AbstractIn September 2001, a terrorist attack on the World trade centre in New York (USA) provided graphic images, of people trapped and jumping to almost certain death, via news media to a watching world. The aftermath of such an event was to focus not only on the anti terrorism aspect but also the ways that should an event occur again, even if not terrorist related, measures were in place to evacuate buildings by a safe means of exit. In the conferences held after the event attention was drawn to an aspect of height safety and rescue that had previously and also until today received little research.
This thesis outlines the work carried out as a research programme which explores possible design solutions to be applied for developing a personal evacuation device. Focus is on single and multiple evacuation designs in order that occupants can be safely evacuated from heights up to 200 m from high rise buildings on land and oil production platforms offshore. In particular the report deals with the design and development of an evacuation device using controlled descent technology. A literature review is provided focussing on high profile incidents and accident statistics with respect to evacuation. International Standards and test procedures and how they are applied are also discussed, together with technical and physical trends that are being adopted. The literature review is followed by further background information and discussion of the potential application for evacuation devices. Alternative technologies are considered and evaluated. These include hydraulic and friction braking systems.

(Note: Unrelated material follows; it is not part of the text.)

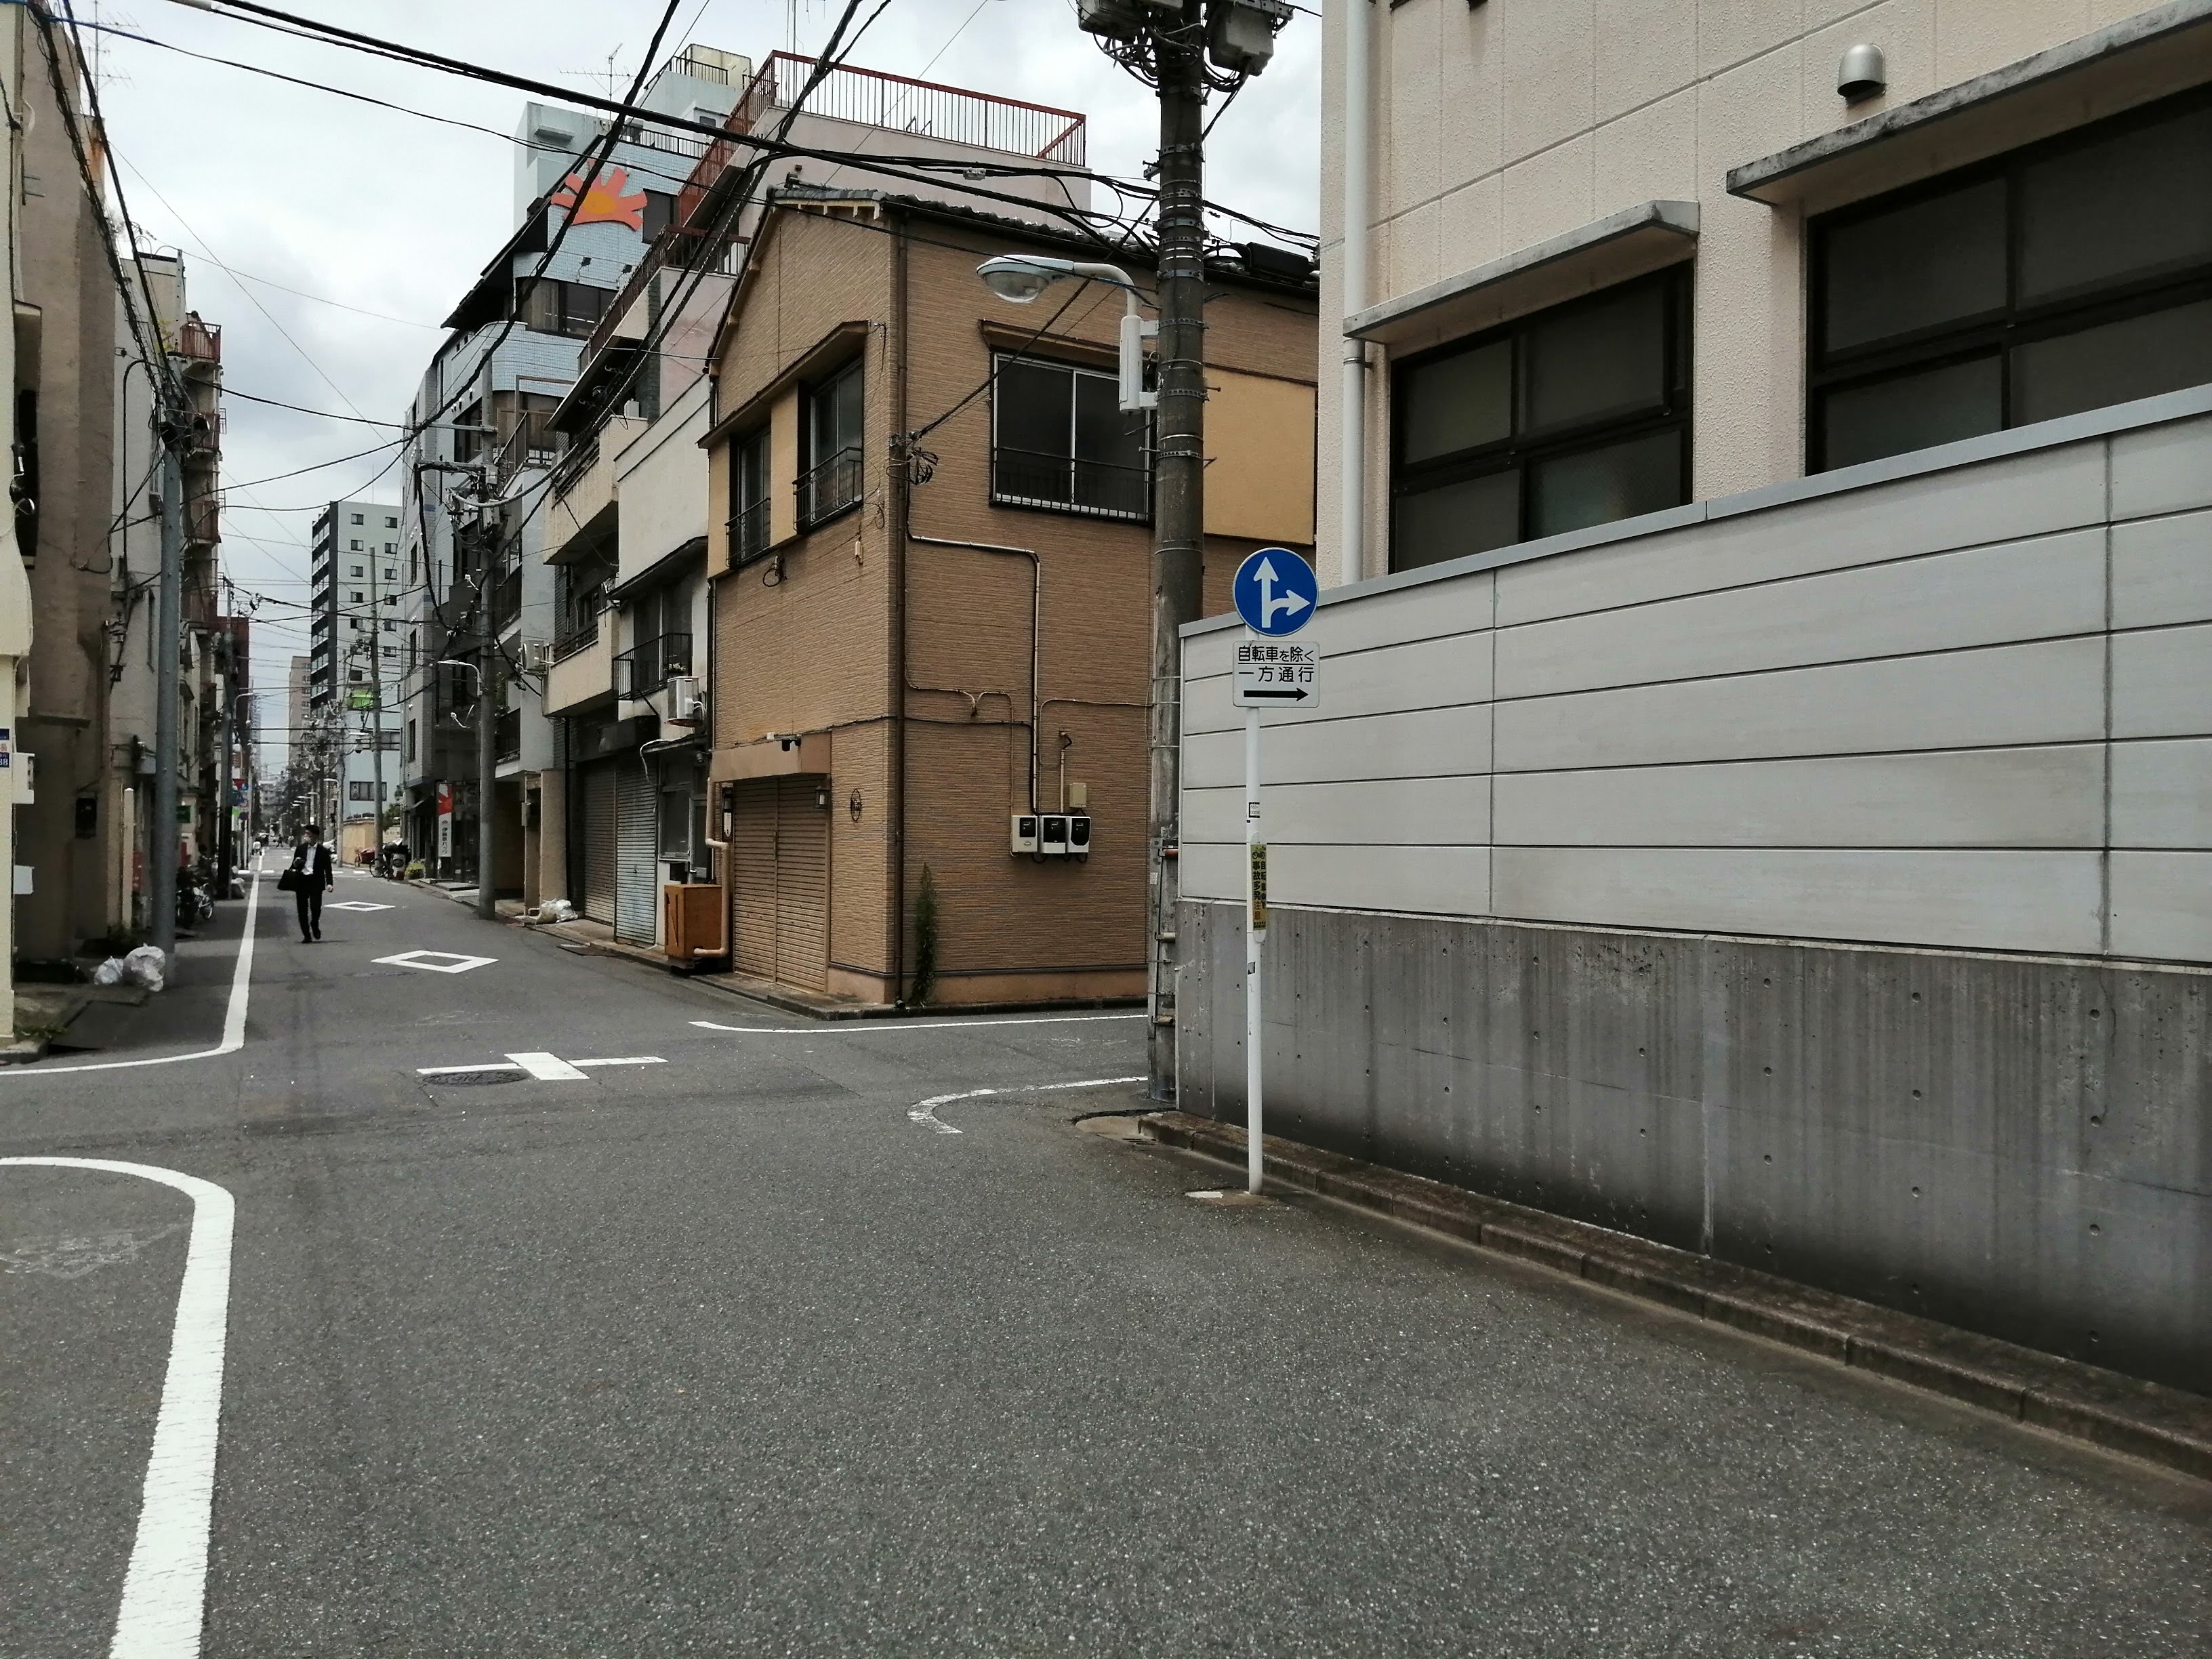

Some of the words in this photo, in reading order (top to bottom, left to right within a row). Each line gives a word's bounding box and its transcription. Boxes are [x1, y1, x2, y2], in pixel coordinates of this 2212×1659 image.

In addition the work comprises the development, prototyping and testing of a number of new and different designs. An evaluation and determination of compactness together with sewn lifeline technology is carried out and test rigs are developed in order to validate the designs to the current standards of personal protective equipment.
The study not only considers the design and evaluation of the device but also the lifeline used to connect the mass to the device. The aim is to reduce lifeline volume and provide a compact solution to accommodate descents in excess of 50 m. To achieve this, webbing and rope terminations have been developed with material selection and sewing patterns providing design solutions.
The research concludes by summarising the mechanical function against descent speed for various masses. There is a review of several novel design solutions that meet the international requirements for personal evacuation. The provision of information that furthers knowledge and understanding in descent and evacuation.